Merge lp:~sinzui/launchpad/hold-message into lp:launchpad

Proposed by Curtis Hovey
Status: Merged
Merged at revision: 11685
Proposed branch: lp:~sinzui/launchpad/hold-message
Merge into: lp:launchpad
Diff against target: 334 lines (+175/-87)
5 files modified
lib/lp/services/mailman/doc/postings.txt (+0/-76)
lib/lp/services/mailman/monkeypatches/lpsize.py (+34/-3)
lib/lp/services/mailman/testing/__init__.py (+7/-3)
lib/lp/services/mailman/tests/test_lpmoderate.py (+5/-5)
lib/lp/services/mailman/tests/test_lpsize.py (+129/-0)
To merge this branch: bzr merge lp:~sinzui/launchpad/hold-message
Reviewer Review Type Date Requested Status
Edwin Grubbs (community) code Approve
Review via email: mp+37750@code.launchpad.net

Description of the change

This is my branch to forward small messages to the moderation queue.

    lp:~sinzui/launchpad/hold-message
    Diff size: 311
    Launchpad bug:
          https://bugs.launchpad.net/bugs/645702
    Test command: ./bin/test -vv \
          -t test_lpsize
    Pre-implementation: EdwinGrubbs, jcsacket
    Target release: 10.10

Forward small messages to the moderation queue
-----------------------------------------------

OOPS-1726XMLP285 shows that mailman forwarded a message for moderation that
exceeds the db storage limit.

There are two views on this issue.
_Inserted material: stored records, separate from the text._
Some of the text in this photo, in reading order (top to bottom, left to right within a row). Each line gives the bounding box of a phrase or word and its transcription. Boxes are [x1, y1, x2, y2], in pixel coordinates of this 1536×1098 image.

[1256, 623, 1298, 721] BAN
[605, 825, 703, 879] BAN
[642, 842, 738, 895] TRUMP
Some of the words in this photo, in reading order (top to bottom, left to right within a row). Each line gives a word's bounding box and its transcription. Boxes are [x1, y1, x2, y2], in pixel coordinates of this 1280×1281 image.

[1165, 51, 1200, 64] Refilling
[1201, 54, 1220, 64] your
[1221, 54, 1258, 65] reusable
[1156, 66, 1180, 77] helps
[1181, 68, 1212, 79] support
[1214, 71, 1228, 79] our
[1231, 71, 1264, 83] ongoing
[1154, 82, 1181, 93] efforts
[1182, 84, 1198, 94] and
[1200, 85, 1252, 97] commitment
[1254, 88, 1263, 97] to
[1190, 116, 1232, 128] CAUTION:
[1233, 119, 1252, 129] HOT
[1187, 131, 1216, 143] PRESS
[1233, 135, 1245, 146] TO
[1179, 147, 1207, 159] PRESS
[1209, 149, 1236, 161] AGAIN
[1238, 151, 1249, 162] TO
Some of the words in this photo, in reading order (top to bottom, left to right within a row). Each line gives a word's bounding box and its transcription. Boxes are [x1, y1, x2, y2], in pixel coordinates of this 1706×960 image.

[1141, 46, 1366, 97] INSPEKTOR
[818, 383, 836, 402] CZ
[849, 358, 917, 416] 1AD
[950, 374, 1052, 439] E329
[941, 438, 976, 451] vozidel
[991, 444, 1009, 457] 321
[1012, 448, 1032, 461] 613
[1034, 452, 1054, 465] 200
The first is that this is a copy of a
message mailman wants an admin to decide if the real message should be sent to
the list or discarded--the person only needs to see enough to make a decision.
the second issue is that mailman has rules for handling large messages and
they do not appear to agree with Lp. The soft limit enters moderation (which
is this case), and the hard limit is discarded immediately. I recall the soft
limit was raised at the request of statik.

Rules
-----

    * Update the lpsize tests to be unittests and delete the tests from
      postings.txt (often fails because of timeouts)
    * Add a rule to truncate the message so that it is small enough to
      be moderated.
      * Delete non text/plain parts because Lp only stores text/plain.
      * Truncate large text/parts. 10k will be enough for the moderator
        to make a decision to discard or forward. This message is shown
        in a list of messages; we want to limit the text to ensure the page
        is usable.

QA
--

    * Send an email with a large attachment to a list on staging.
      the attachment must be larger than 11m and not over 20m
    * Verify the message appears in the moderation queue

Lint
----

Linting changed files:
  lib/lp/services/mailman/doc/postings.txt
  lib/lp/services/mailman/monkeypatches/lpsize.py
  lib/lp/services/mailman/testing/__init__.py
  lib/lp/services/mailman/tests/test_lpsize.py

Test
----

    * lib/lp/services/mailman/doc/postings.txt
      * Removed redundant test that were prone to fail
    * lib/lp/services/mailman/testing/__init__.py
      * Fixed the test harness to make a proper email with an attachment.
        These tests were the first to really exercise it.
    * lib/lp/services/mailman/tests/test_lpsize.py
      * Converted the doctests to unittests
      * Added tests for the truncated_message function.

Implementation
--------------

    * lib/lp/services/mailman/monkeypatches/lpsize.py
      * Added truncated_message to create a small message and used it when
        calling hold().

To post a comment you must log in.
Revision history for this message
Edwin Grubbs (edwin-grubbs) wrote :
Download full text (6.1 KiB)

Hi Curtis,

This is a nice improvement. I have some comments below.

-Edwin

>=== modified file 'lib/lp/services/mailman/monkeypatches/lpsize.py'
>--- lib/lp/services/mailman/monkeypatches/lpsize.py 2010-08-20 20:31:18 +0000
>+++ lib/lp/services/mailman/monkeypatches/lpsize.py 2010-10-06 15:36:24 +0000
>@@ -3,15 +3,43 @@
>
> """A pipeline handler for checking message sizes."""
>
>-# pylint: disable-msg=F0401
>+import email
>+
> from Mailman import (
> Errors,
>+ Message,
> mm_cfg,
> )
> from Mailman.Handlers.LPModerate import hold
> from Mailman.Logging.Syslog import syslog
>
>
>+def truncated_message(original_message, limit=10000):
>+ """Create a smaller version of the message for moderation."""
>+ message = email.message_from_string(
>+ original_message.as_string(), Message.Message)
>+ for part in email.iterators.typed_subpart_iterator(message, 'multipart'):
>+ subparts = part.get_payload()
>+ removeable = []
>+ for subpart in subparts:
>+ if subpart.get_content_maintype() == 'multipart':
>+ # This part is handled in the outer loop.
>+ continue
>+ elif subpart.get_content_type() == 'text/plain':

Shouldn't it truncate text/html or any other "text/" content-type,
since the user's mail client might create an empty text/plain section?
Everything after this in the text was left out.